**What the exercise asks:**
None of the images should appear in your copy. Transcribe the data in full.

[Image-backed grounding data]
____
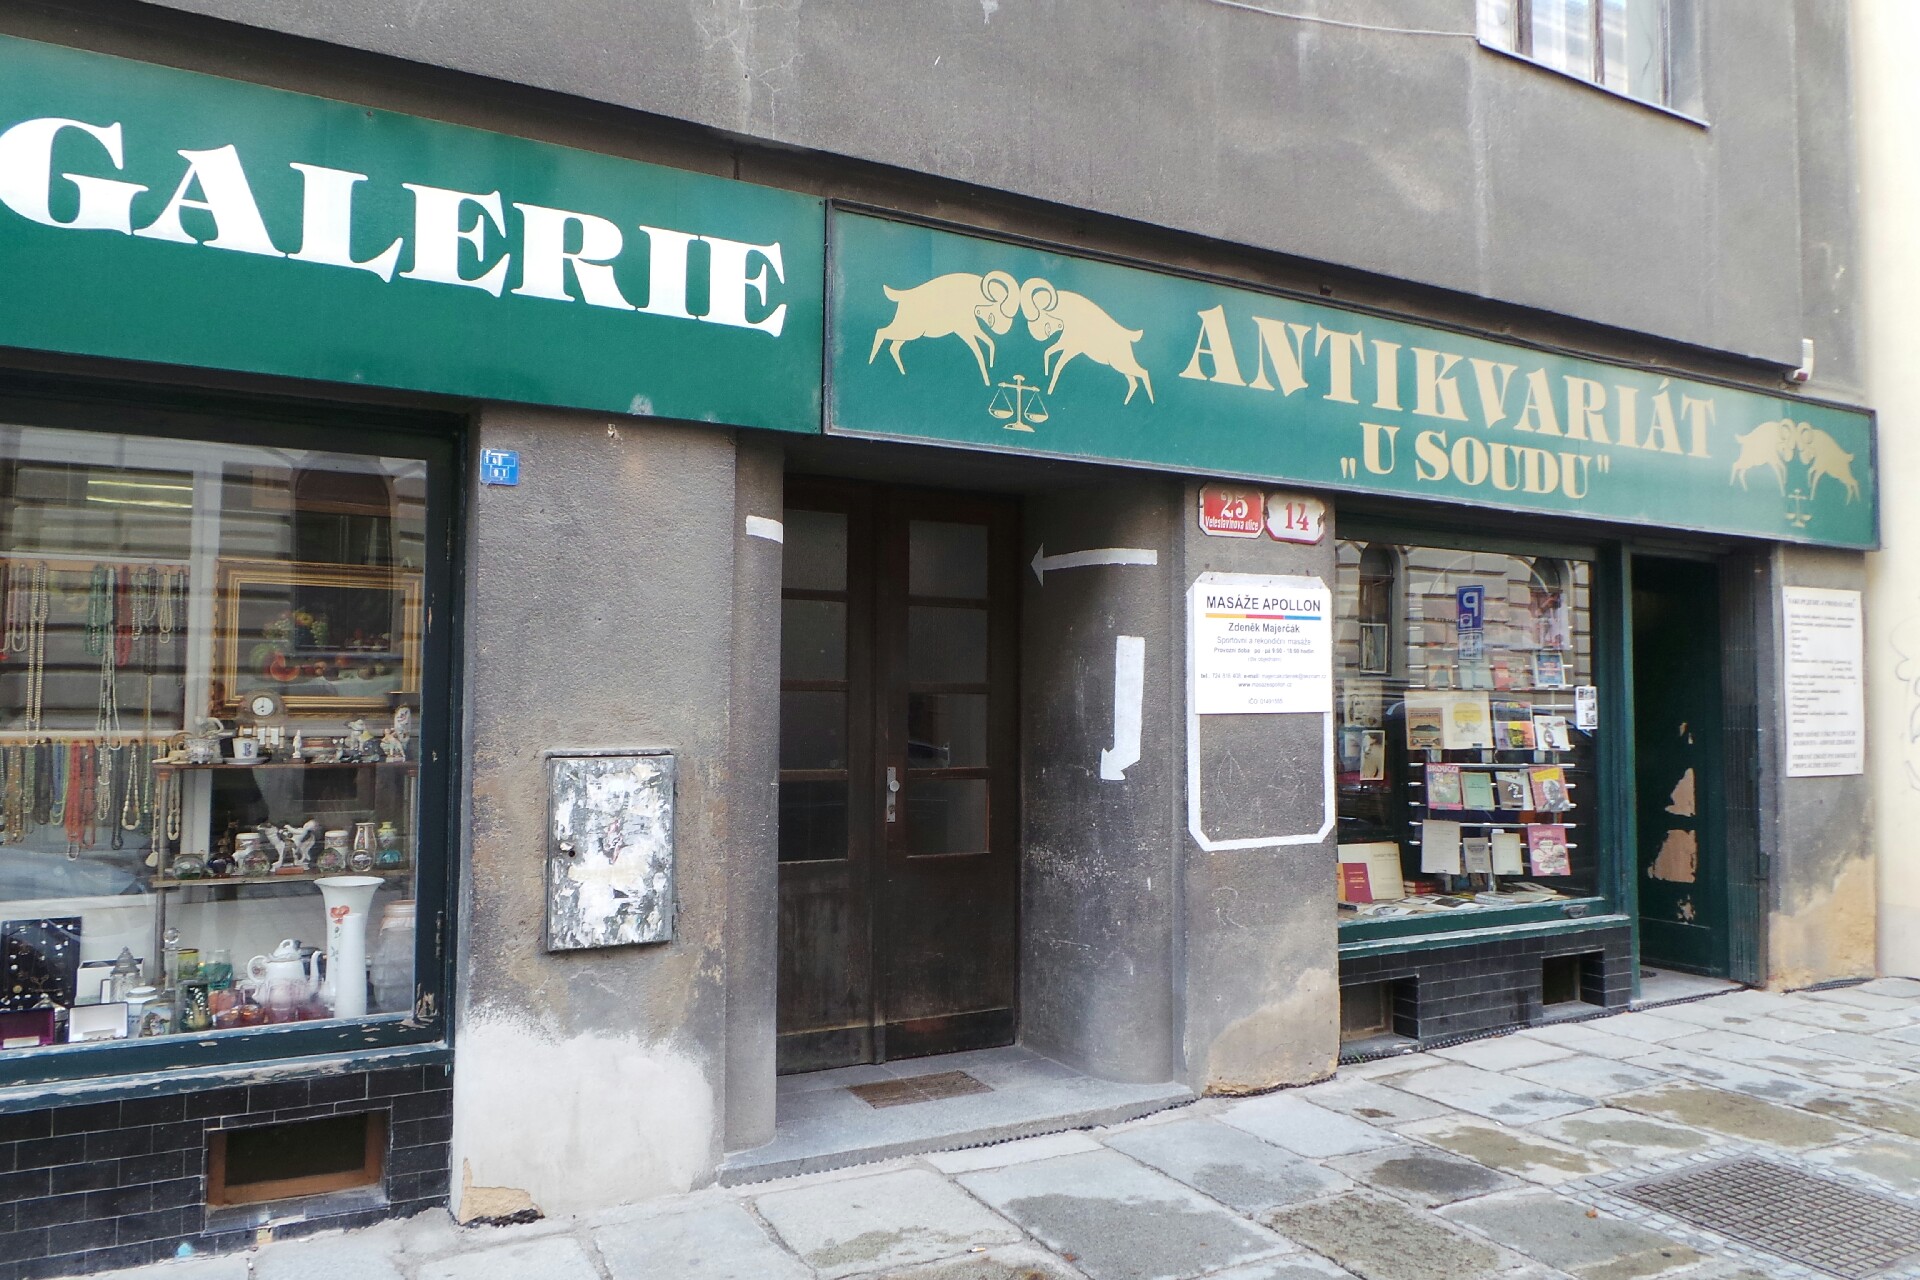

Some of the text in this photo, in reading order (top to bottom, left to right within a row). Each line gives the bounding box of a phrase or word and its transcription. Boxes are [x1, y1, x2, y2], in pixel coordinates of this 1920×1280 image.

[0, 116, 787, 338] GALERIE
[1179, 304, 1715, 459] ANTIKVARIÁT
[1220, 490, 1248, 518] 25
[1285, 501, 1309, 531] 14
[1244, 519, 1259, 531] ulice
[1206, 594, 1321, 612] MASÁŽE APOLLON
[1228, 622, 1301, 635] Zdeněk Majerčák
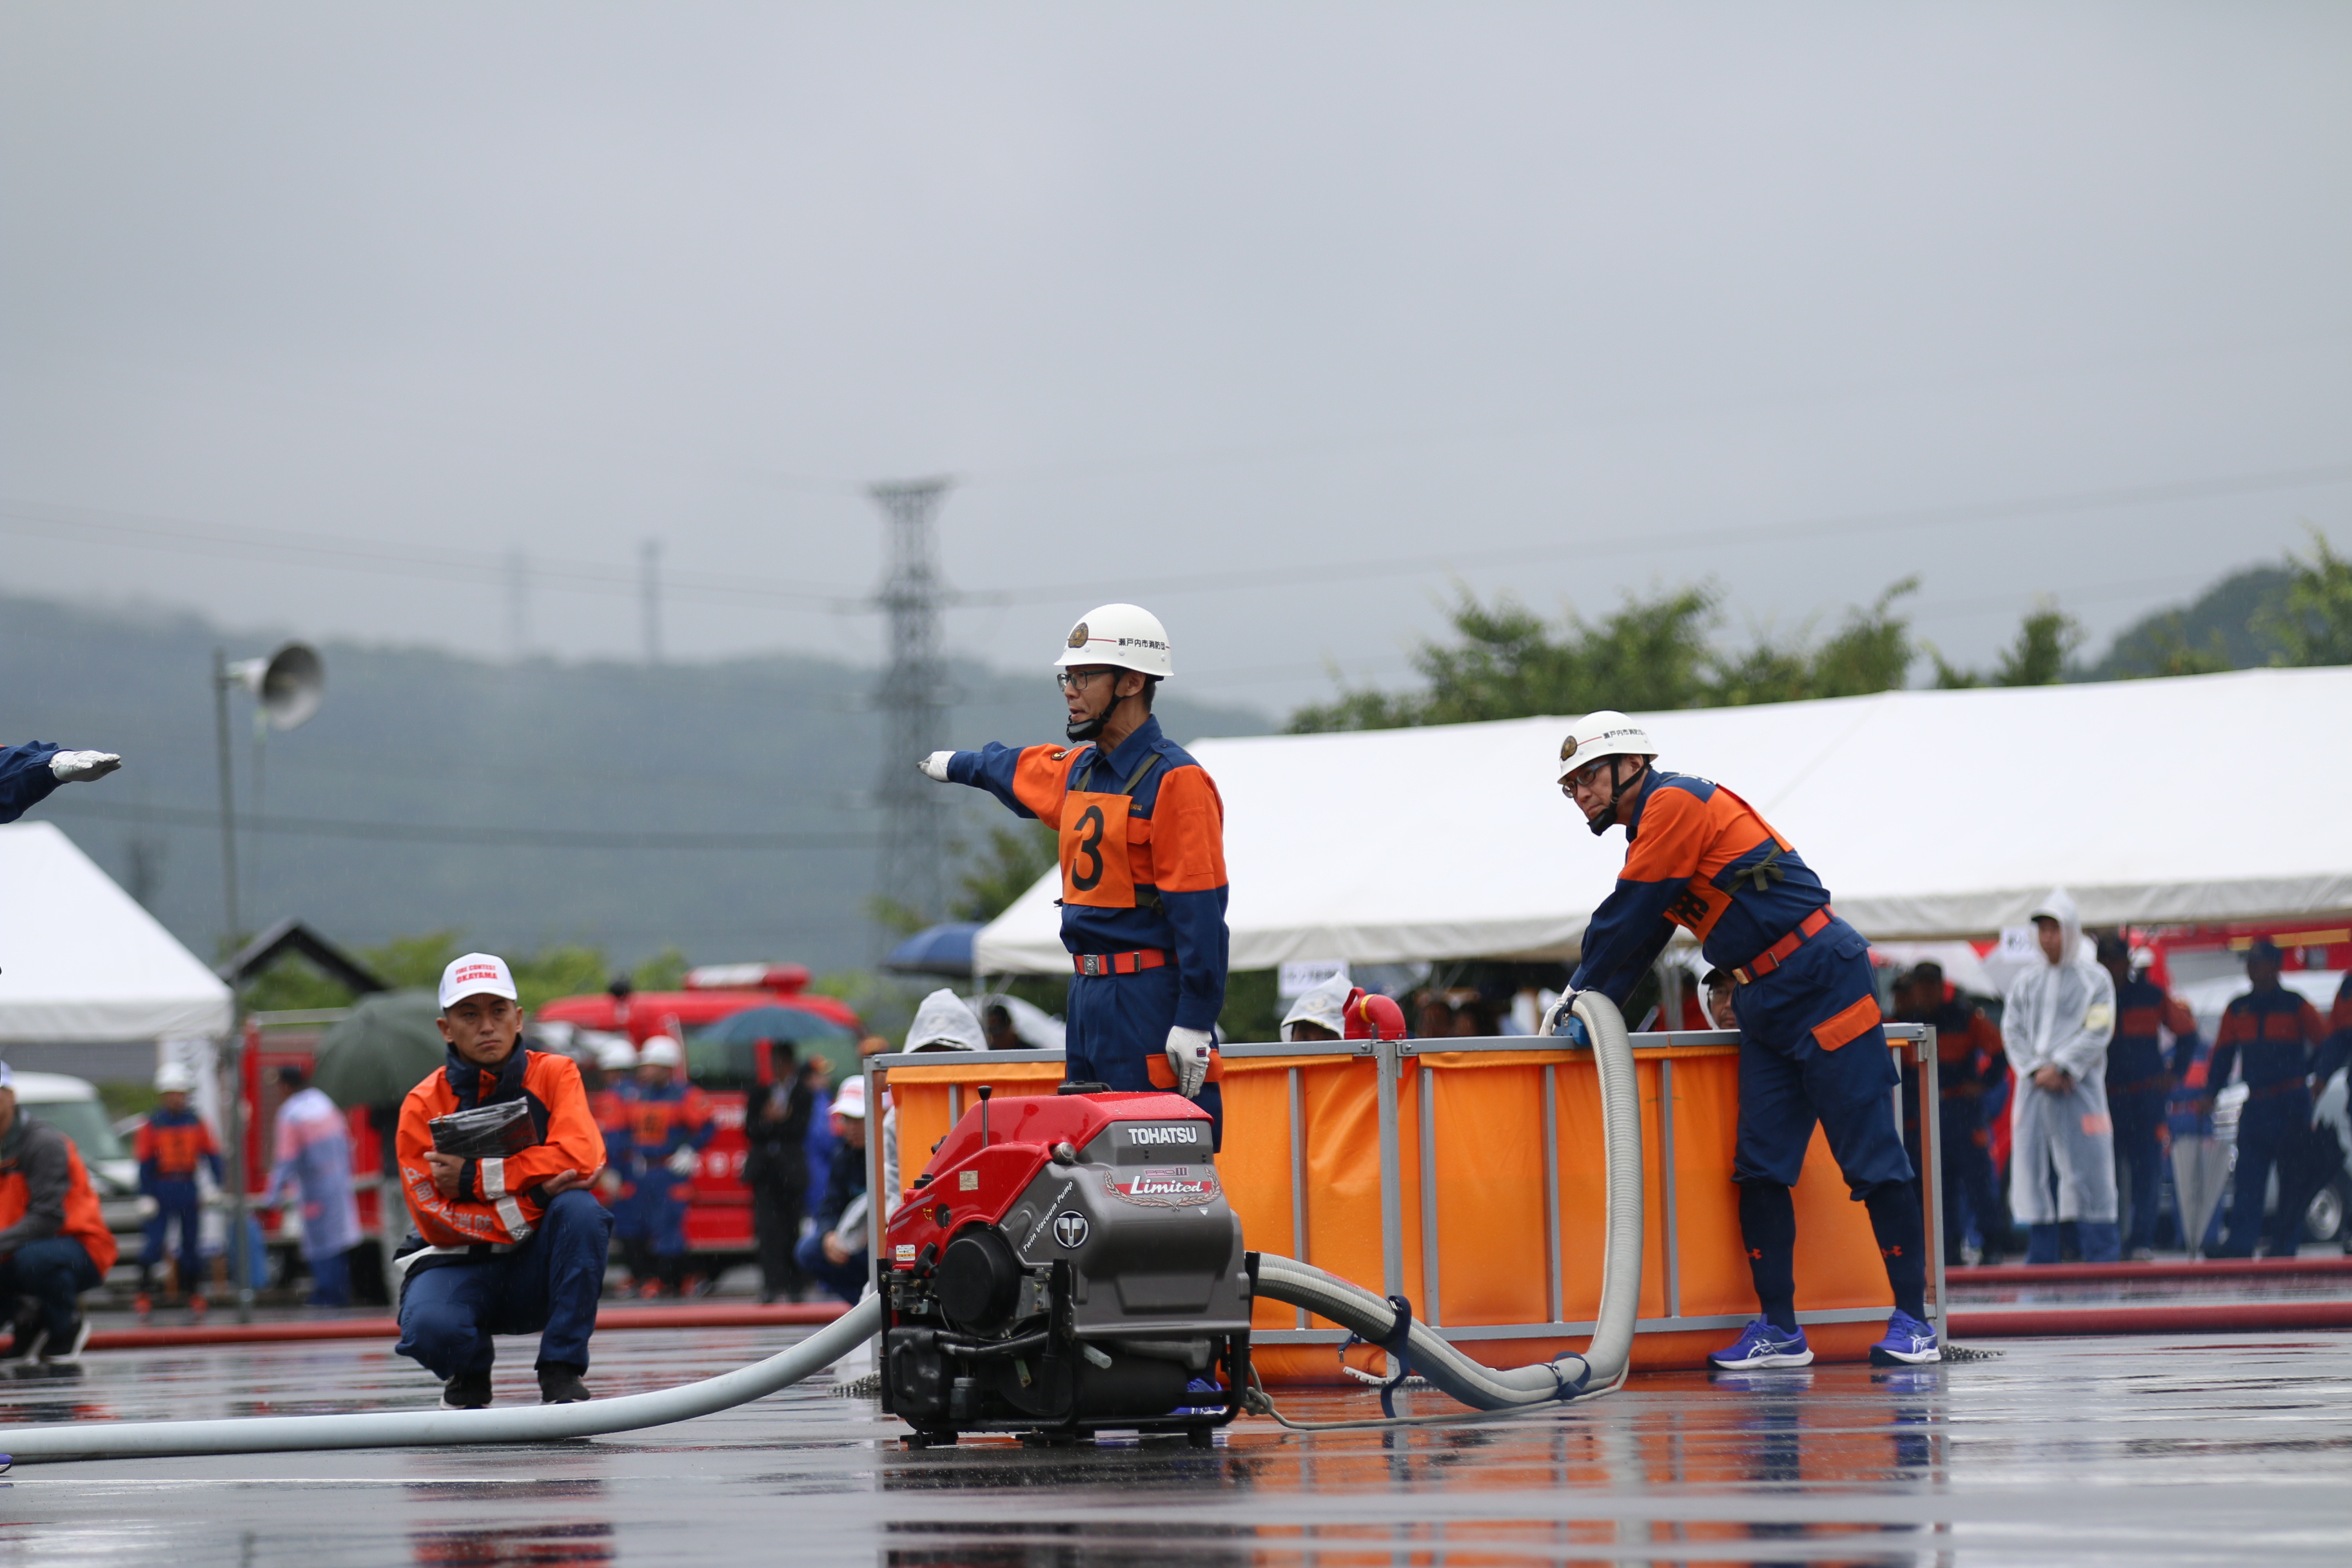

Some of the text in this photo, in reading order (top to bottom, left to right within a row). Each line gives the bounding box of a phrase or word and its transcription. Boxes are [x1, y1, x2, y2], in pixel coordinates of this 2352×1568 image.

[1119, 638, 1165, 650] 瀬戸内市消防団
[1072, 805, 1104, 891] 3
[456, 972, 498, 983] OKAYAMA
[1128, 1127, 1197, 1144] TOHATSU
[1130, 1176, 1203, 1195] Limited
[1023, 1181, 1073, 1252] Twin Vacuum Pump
____
**Exercise output:**
Some of the text in this photo, in reading order (top to bottom, left to right within a row). Each line gives the bounding box of a phrase or word and its transcription. Boxes are [x1, y1, x2, y2], in pixel coordinates of this 1920×1280 image.

[0, 116, 787, 338] GALERIE
[1179, 304, 1715, 459] ANTIKVARIÁT
[1220, 490, 1248, 518] 25
[1285, 501, 1309, 531] 14
[1244, 519, 1259, 531] ulice
[1206, 594, 1321, 612] MASÁŽE APOLLON
[1228, 622, 1301, 635] Zdeněk Majerčák

Some of the text in this photo, in reading order (top to bottom, left to right within a row). Each line gives the bounding box of a phrase or word and its transcription. Boxes are [x1, y1, x2, y2], in pixel coordinates of this 2352×1568 image.

[1119, 638, 1165, 650] 瀬戸内市消防団
[1072, 805, 1104, 891] 3
[456, 972, 498, 983] OKAYAMA
[1128, 1127, 1197, 1144] TOHATSU
[1130, 1176, 1203, 1195] Limited
[1023, 1181, 1073, 1252] Twin Vacuum Pump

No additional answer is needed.